Top of ENTRIES SUPPLIED
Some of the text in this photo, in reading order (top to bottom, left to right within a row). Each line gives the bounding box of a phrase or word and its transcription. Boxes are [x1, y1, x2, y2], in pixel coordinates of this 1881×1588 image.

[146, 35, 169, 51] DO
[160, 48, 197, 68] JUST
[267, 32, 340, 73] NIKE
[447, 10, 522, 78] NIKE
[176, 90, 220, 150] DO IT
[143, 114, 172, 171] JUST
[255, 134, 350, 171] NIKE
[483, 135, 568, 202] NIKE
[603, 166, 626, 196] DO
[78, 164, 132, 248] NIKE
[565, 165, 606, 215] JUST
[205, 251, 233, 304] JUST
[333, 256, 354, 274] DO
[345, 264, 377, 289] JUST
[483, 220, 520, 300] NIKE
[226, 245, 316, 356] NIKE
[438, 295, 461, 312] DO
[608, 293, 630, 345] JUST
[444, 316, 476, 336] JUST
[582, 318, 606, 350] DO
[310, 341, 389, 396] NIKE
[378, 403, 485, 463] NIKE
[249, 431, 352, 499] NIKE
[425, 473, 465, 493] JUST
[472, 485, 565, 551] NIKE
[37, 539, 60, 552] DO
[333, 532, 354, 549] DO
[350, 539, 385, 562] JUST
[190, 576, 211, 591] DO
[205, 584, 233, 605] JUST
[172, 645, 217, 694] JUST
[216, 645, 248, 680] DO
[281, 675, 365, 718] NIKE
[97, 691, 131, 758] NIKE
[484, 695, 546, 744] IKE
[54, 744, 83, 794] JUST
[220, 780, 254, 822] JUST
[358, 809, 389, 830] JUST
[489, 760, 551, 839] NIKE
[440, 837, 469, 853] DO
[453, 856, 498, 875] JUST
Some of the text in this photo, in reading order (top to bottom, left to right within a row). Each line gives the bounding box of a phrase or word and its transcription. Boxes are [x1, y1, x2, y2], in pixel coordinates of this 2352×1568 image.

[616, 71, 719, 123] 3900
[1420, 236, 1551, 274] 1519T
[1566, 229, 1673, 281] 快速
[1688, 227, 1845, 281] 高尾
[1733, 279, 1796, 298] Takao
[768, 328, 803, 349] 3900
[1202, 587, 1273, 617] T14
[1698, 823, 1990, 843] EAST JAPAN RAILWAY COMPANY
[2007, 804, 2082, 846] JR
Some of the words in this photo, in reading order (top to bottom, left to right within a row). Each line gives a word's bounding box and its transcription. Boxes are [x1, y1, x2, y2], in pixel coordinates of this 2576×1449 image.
Bottom of ENTRIES SUPPLIED
YOUR OBJECTIVE
Every entry must be output again, exactly as written above.

WRITTEN ANSWER
Some of the text in this photo, in reading order (top to bottom, left to right within a row). Each line gives the bounding box of a phrase or word and its transcription. Boxes are [x1, y1, x2, y2], in pixel coordinates of this 1881×1588 image.

[146, 35, 169, 51] DO
[160, 48, 197, 68] JUST
[267, 32, 340, 73] NIKE
[447, 10, 522, 78] NIKE
[176, 90, 220, 150] DO IT
[143, 114, 172, 171] JUST
[255, 134, 350, 171] NIKE
[483, 135, 568, 202] NIKE
[603, 166, 626, 196] DO
[78, 164, 132, 248] NIKE
[565, 165, 606, 215] JUST
[205, 251, 233, 304] JUST
[333, 256, 354, 274] DO
[345, 264, 377, 289] JUST
[483, 220, 520, 300] NIKE
[226, 245, 316, 356] NIKE
[438, 295, 461, 312] DO
[608, 293, 630, 345] JUST
[444, 316, 476, 336] JUST
[582, 318, 606, 350] DO
[310, 341, 389, 396] NIKE
[378, 403, 485, 463] NIKE
[249, 431, 352, 499] NIKE
[425, 473, 465, 493] JUST
[472, 485, 565, 551] NIKE
[37, 539, 60, 552] DO
[333, 532, 354, 549] DO
[350, 539, 385, 562] JUST
[190, 576, 211, 591] DO
[205, 584, 233, 605] JUST
[172, 645, 217, 694] JUST
[216, 645, 248, 680] DO
[281, 675, 365, 718] NIKE
[97, 691, 131, 758] NIKE
[484, 695, 546, 744] IKE
[54, 744, 83, 794] JUST
[220, 780, 254, 822] JUST
[358, 809, 389, 830] JUST
[489, 760, 551, 839] NIKE
[440, 837, 469, 853] DO
[453, 856, 498, 875] JUST
Some of the text in this photo, in reading order (top to bottom, left to right within a row). Each line gives the bounding box of a phrase or word and its transcription. Boxes are [x1, y1, x2, y2], in pixel coordinates of this 2352×1568 image.

[616, 71, 719, 123] 3900
[1420, 236, 1551, 274] 1519T
[1566, 229, 1673, 281] 快速
[1688, 227, 1845, 281] 高尾
[1733, 279, 1796, 298] Takao
[768, 328, 803, 349] 3900
[1202, 587, 1273, 617] T14
[1698, 823, 1990, 843] EAST JAPAN RAILWAY COMPANY
[2007, 804, 2082, 846] JR
Some of the words in this photo, in reading order (top to bottom, left to right within a row). Each line gives a word's bounding box and its transcription. Boxes are [x1, y1, x2, y2], in pixel coordinates of this 2576×1449 image.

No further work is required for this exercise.